Mon idée est double : les lettrés du Moyen Âge (du VIIe au XIIe siècle environ) ont cherché à retrouver les textes des lettrés et des savants grecs, il y a donc une cohérence et une continuité dans l’attitude des lettrés européens de cette époque. Dans cette quête, la recherche directe de textes grecs dans le monde byzantin est plus importante qu’on ne le croit (je rappelle que Byzance était bien en partie en Europe puisque cet empire englobait la Grèce !).

Dans ce processus les traductions et les commentaires effectués au Mont Saint Michel ne sont pas à minimiser. Il faut y ajouter le rôle des Arabes chrétiens, des Syriaques. Je me suis enthousiasmé pour les moines du Mont saint-Michel, fort bien connus certes, mais dont le rôle au début du XIIe siècle m’a semblé méconnu du grand public.

Riposte Laïque : Un collectif international de 56 chercheurs en histoire et philosophie du Moyen-Âge vient de rendre public une pétition vous concernant. Ils prétendent tout d’abord que vous vous appuyez sur de "prétendues découvertes", lesquelles ?
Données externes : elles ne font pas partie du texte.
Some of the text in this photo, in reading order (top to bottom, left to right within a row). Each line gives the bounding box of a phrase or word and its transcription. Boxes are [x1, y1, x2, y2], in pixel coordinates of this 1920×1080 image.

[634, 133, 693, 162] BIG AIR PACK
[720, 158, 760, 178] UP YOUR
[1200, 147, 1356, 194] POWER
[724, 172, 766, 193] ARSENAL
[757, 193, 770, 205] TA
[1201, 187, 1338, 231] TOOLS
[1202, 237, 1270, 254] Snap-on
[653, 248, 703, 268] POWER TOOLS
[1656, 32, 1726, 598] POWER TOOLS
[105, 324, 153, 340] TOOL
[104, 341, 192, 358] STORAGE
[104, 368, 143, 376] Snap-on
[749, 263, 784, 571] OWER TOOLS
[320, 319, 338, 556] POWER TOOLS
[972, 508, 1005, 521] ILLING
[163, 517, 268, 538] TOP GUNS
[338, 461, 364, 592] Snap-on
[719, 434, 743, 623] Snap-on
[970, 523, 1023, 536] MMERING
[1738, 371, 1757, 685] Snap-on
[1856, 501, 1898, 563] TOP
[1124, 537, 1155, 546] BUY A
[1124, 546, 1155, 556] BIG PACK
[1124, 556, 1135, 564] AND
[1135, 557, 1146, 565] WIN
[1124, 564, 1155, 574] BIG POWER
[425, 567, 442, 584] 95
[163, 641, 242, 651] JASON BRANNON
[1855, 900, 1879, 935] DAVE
Sylvain Gouguenheim : D’abord, la pétition n’est pas un mode normal de discussion scientifique. Je ne prétends pas faire de "découverte", puisque je passe mon temps à citer d’autres auteurs (il suffit de lire mon livre pour s’en rendre compte), mais j’ai vu des manuscrits, ceux du Mont Saint Michel - qui étaient déjà connus - et j’ai été convaincu, après examen, de leur importance.

Riposte Laïque : Pourquoi vous font-ils grief de faire porter votre étude sur la période du VI au XII siècle ?
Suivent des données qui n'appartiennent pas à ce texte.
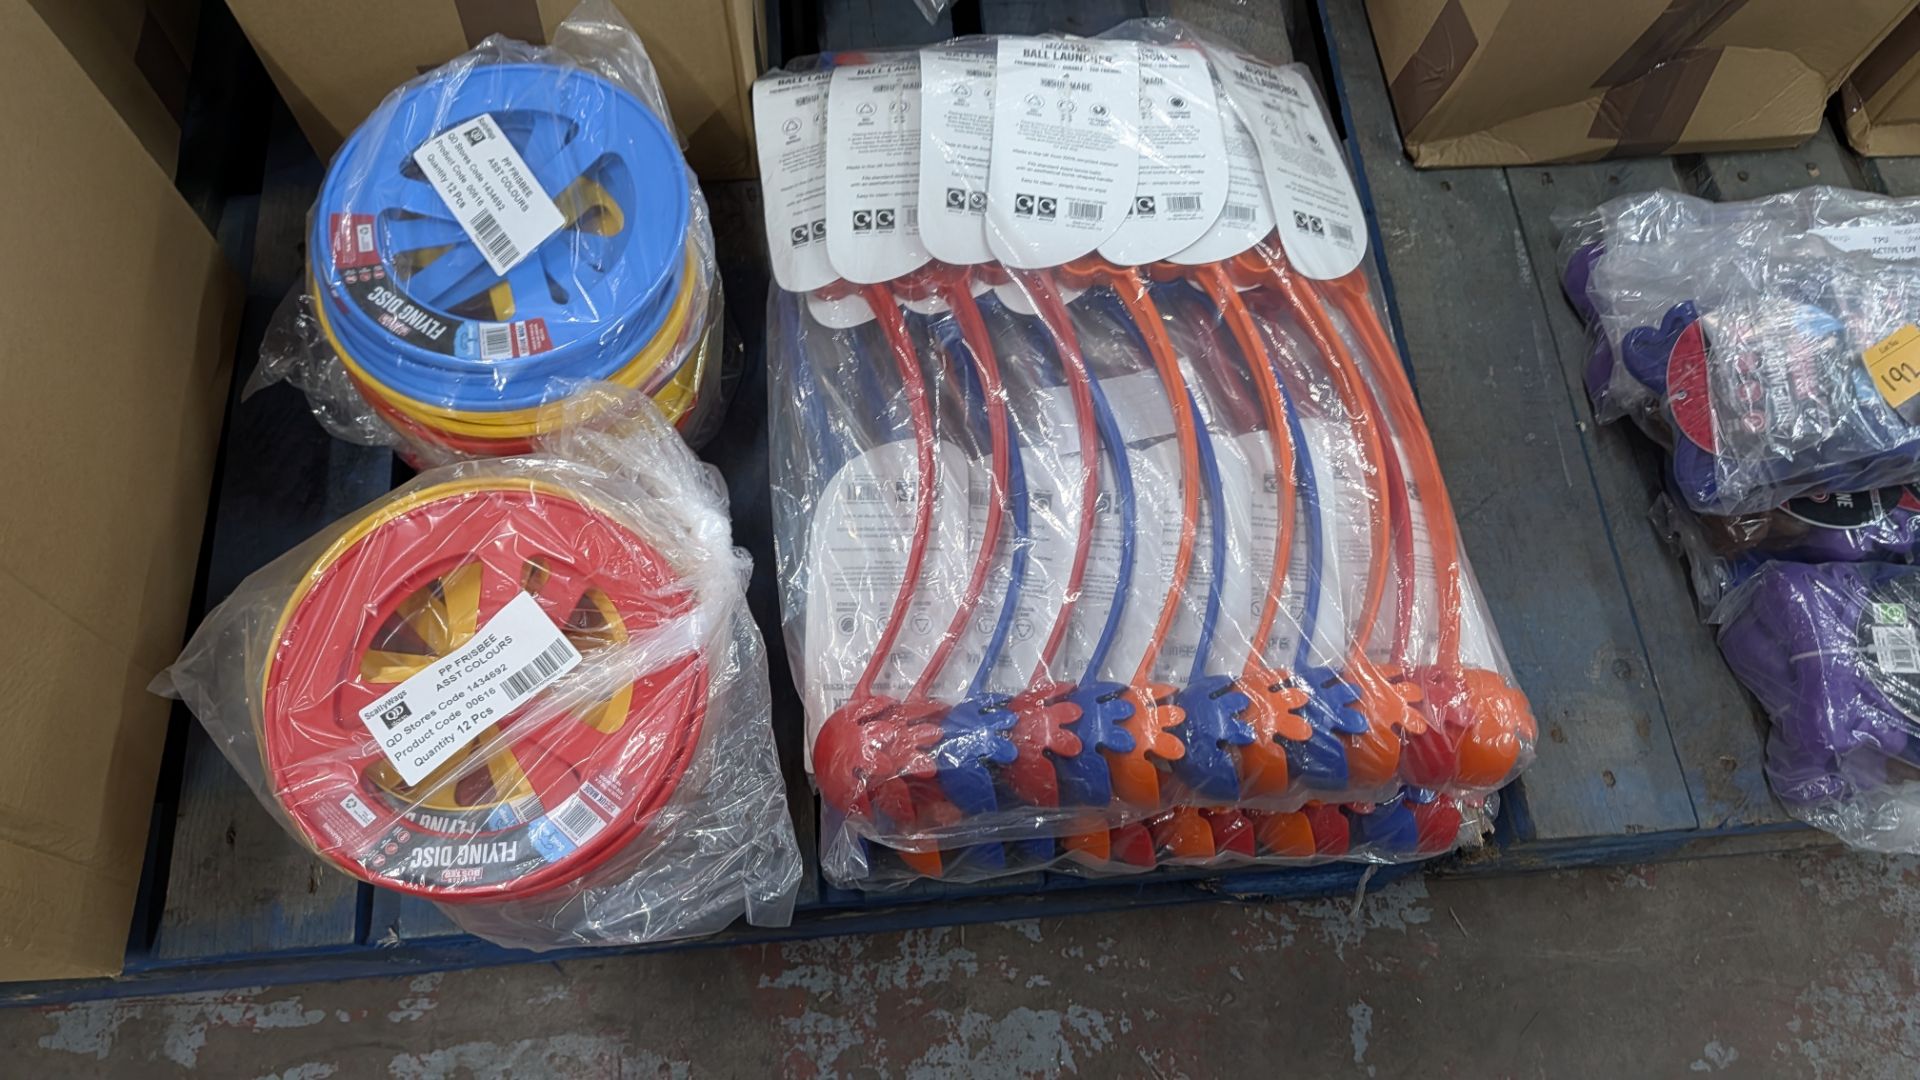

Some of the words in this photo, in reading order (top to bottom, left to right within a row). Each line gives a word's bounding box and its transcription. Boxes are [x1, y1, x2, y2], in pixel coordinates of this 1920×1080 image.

Sylvain Gouguenheim : Je ne sais pas car j’explique bien que le problème que j’étudie n’existe plus aux XIIIe-XIVe siècles ni par la suite : l’Europe, le monde arabe ou turc ont évolué et le problème ne se pose plus dans les mêmes termes.

Riposte Laïque : On vous reproche des erreurs, qui, aux yeux du non-spécialiste, semblent des détails, qui ne seraient des fautes que dans une thèse universitaire. Votre ouvrage se veut-il un ouvrage de référence pour les étudiants ou bien un ouvrage de vulgarisation destiné au grand public ?

Sylvain Gouguenheim : Ce n’est pas un ouvrage de référence. C’est un essai de vulgarisation de problèmes historiques difficiles. Le sujet comporte beaucoup de problèmes annexes. La question des rapports entre les civilisations ne peut être tranchée de manière rapide, dans un sens ou dans un autre. Les chemins par lesquels l’héritage grec a circulé en Europe, à Byzance, dans le monde abbasside sont complexes. Il y a certainement des choses à découvrir encore. La vulgarisation est une entreprise difficile, qui expose à commettre des erreurs, et que l’on critique parfois un peu vivement. Pourtant elle me semble indispensable.

Riposte Laïque : On vous reproche également, et surtout, car tel semble être le noeud du problème, de déboucher sur du racisme culturel. Que pouvez-vous répondre à cette accusation ?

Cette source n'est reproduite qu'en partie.